In the Beginning: Mars Origin I Series Book I Page 7
“Really?”
“Yes, really,” his eyes twinkled. “I have the name of a person to speak with, but he is out of town. I had planned to meet with him when he got back, but now, by that time, we’ll be home.” I started to protest. “But not to worry, I will speak with him, I promise.” He patted me on my cheek and smiled. “Now I have to go, please call me before you head home. And stop worrying so much.”
After he left, I plopped down in a chair and began to think. My eyes quickly darted around the room. I drummed my fingers on the arm of the chair, my mind began to race. Oh, just to have another look at those journals. It was unbelievable. I couldn’t wait to get a hold of them.
Rumor once had it that the suspicions of suppression and conspiracy made the Vatican order the withholding of access to the Scrolls out of fear that they would seriously undermine established Christian dogma. They thought that the Scrolls would hold dark ramifications for Christianity. Did they? Well, it sure looked like it to me, at least after reading that one entry. Dr. Yeoman was responsible for the inaccessibility of the Scrolls to the world, for the destruction of the manuscripts he wrote about in his journal, and maybe other ones, too. The public had good reason to be suspicious of the goings on surrounding the translation of the Scrolls, and now I was suspicious, too. I knew I wasn’t just paranoid. And I knew I could solve this mystery.
My heart began to race. I jumped up out of the chair and started running around the room, jumping on the bed, turning in circles and talking really fast to myself about how I would uncover this mess. Reveal the truth of the scrolls. Then I started to cry. I don’t know why I was crying, maybe happy to know I would find out the truth, or scared of what I would find out (or maybe because that’s just what I do, cry all the time). I ran into the bathroom and I looked in the mirror, squinted my eyes and pointed at my reflection. “Cover-up,” I said out loud. “Well, not for long, Dr. Yeoman, because I will find out your big secret. I will figure it out.” I got really close to the mirror and shouted, “And I will tell the world.” With tears in my eyes, and breathing heavily from running around, I gave out a dastardly laugh, ran out of the bathroom and dived onto the bed.

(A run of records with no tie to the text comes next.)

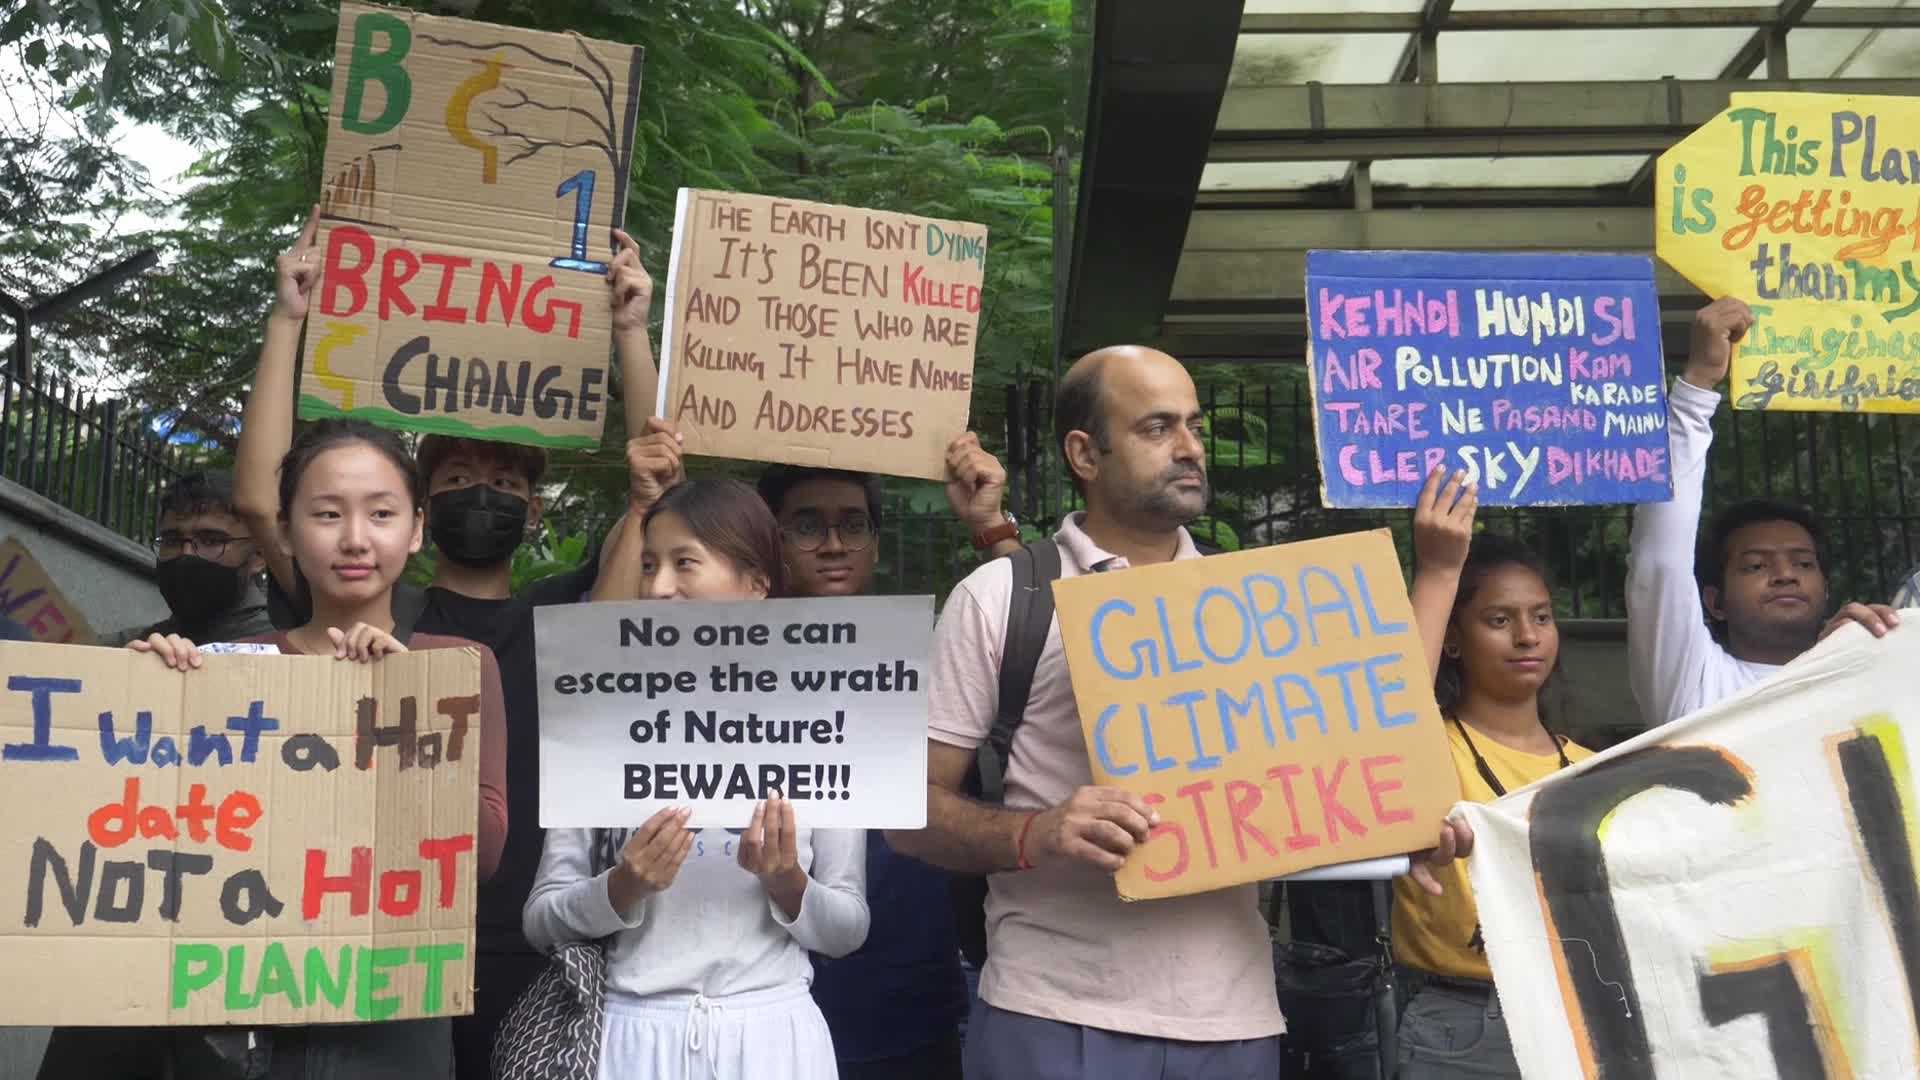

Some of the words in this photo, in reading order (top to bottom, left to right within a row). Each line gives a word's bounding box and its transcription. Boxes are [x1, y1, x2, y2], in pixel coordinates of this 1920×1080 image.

[341, 13, 412, 135] B
[1727, 107, 1822, 177] This
[549, 170, 609, 275] 1
[1672, 163, 1717, 235] is
[698, 195, 752, 232] THE
[770, 202, 846, 242] EARTH
[865, 216, 921, 250] ISN'T
[926, 223, 985, 270] DYING
[319, 226, 583, 339] BRING
[799, 243, 888, 299] BEEN
[903, 261, 982, 313] KILLED
[1751, 243, 1847, 300] than
[685, 288, 740, 325] AND
[758, 296, 839, 338] THOSE
[854, 309, 913, 341] WHO
[922, 314, 972, 346] ARE
[1319, 287, 1460, 340] KEHNDI
[1475, 288, 1585, 345] HUNDI
[1591, 297, 1636, 347] SI
[382, 336, 604, 421] CHANGE
[683, 333, 764, 380] KILLING
[837, 347, 903, 386] HAVE
[909, 358, 973, 391] NAME
[1323, 348, 1383, 394] AIR
[1395, 345, 1563, 391] POLLUTION
[1568, 347, 1632, 381] KAM
[1570, 382, 1658, 406] KARADE
[678, 384, 737, 429] AND
[754, 390, 914, 438] ADDRESSES
[1324, 402, 1430, 440] TAARE
[1440, 400, 1485, 434] NE
[1492, 400, 1597, 433] PASAND
[1603, 412, 1665, 438] MAINU
[1456, 441, 1540, 499] SKY
[1546, 446, 1666, 486] DIKHADE
[619, 617, 680, 647] No
[693, 622, 770, 647] one
[782, 620, 857, 645] can
[1089, 562, 1409, 680] GLOBAL
[553, 669, 697, 699] escape
[710, 662, 778, 693] the
[791, 660, 920, 692] wrath
[1, 676, 82, 761] I
[281, 733, 341, 772] a
[629, 709, 671, 743] of
[684, 710, 845, 744] Nature!
[1094, 652, 1418, 778] CLIMATE
[86, 776, 263, 852] date
[623, 764, 851, 800] BEWARE!!!
[1143, 754, 1414, 883] STRIKE
[219, 868, 284, 925] a
[170, 941, 464, 1021] PLANET

Sometimes, I think that I am just too emotional to be a scientist.
CHAPTER SIXTEEN
Cleveland Hts., Ohio
So, I had decided to calm down and act rationally like Dr. Margulies said. He’d been right. There really wasn’t any need for me to stay in Jerusalem. There wasn’t anything I could do with all the other scholars leaving. And, I decided, despite Dr. Margulies’ belief that it wasn’t a cover-up, it would look too suspicious for me to stay.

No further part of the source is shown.